The United States is the fourth leading country in per-capita spending on K-12 education—trailing only Norway, Austria, and Luxembourg, according to the available data. But the U.S. spends only 54 percent of its education dollars on teacher compensation, compared to an average of 63 percent for developed countries. In a new op-ed for the Washington Examiner, Independent Institute Research Fellow Vicki E. Alger, author of Failure: The Federal “Misedukation” of America’s Children, puts these dire percentages into perspective.

U.S. schools have seen the supply of teachers grow faster than student enrollment—a rate of five to one since 1969—but the number of school administrators has grown even faster, outpacing enrollment by more than eight to one, according to Alger. “Had the growth in administration simply matched student-enrollment growth starting in fiscal year 1992, public schools would have saved enough money to give every teacher a permanent raise of more than $11,000,” Alger writes.

In this regard, the U.S. Department of Education, which was created in 1979 to “improve administrative streamlining and provide expert leadership,” has been an utter failure.

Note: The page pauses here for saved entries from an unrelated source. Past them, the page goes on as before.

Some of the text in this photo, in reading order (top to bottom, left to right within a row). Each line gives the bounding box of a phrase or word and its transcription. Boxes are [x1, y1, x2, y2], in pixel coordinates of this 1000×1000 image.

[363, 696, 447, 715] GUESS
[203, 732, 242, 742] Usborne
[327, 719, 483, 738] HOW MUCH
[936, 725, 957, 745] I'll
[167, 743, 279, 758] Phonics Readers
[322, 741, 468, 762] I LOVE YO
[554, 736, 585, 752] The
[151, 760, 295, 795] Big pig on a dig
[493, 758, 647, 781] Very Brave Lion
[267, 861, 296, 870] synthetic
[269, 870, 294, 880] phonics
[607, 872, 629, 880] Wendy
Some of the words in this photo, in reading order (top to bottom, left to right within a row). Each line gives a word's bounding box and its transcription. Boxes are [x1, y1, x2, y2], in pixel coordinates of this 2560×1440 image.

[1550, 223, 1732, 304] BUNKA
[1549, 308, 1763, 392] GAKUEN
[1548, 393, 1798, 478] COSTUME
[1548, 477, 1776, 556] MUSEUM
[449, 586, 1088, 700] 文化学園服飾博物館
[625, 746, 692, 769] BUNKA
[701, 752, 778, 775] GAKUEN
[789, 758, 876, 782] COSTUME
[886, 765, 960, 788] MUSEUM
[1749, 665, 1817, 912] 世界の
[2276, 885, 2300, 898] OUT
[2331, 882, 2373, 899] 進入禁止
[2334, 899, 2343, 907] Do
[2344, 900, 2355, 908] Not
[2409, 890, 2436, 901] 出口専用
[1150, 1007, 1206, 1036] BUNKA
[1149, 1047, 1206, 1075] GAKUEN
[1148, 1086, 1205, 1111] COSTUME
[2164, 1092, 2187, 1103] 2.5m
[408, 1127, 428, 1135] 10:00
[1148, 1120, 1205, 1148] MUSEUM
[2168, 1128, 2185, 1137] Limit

And while the agency has recently lifted hundreds of regulations on public education, spending priorities are unlikely to improve significantly until parents are allowed to exert meaningful control over their children’s education funding. “Evidence suggests that student achievement and teacher salaries are higher when parents—not bureaucrats—control where and how their children are educated,” Alger writes.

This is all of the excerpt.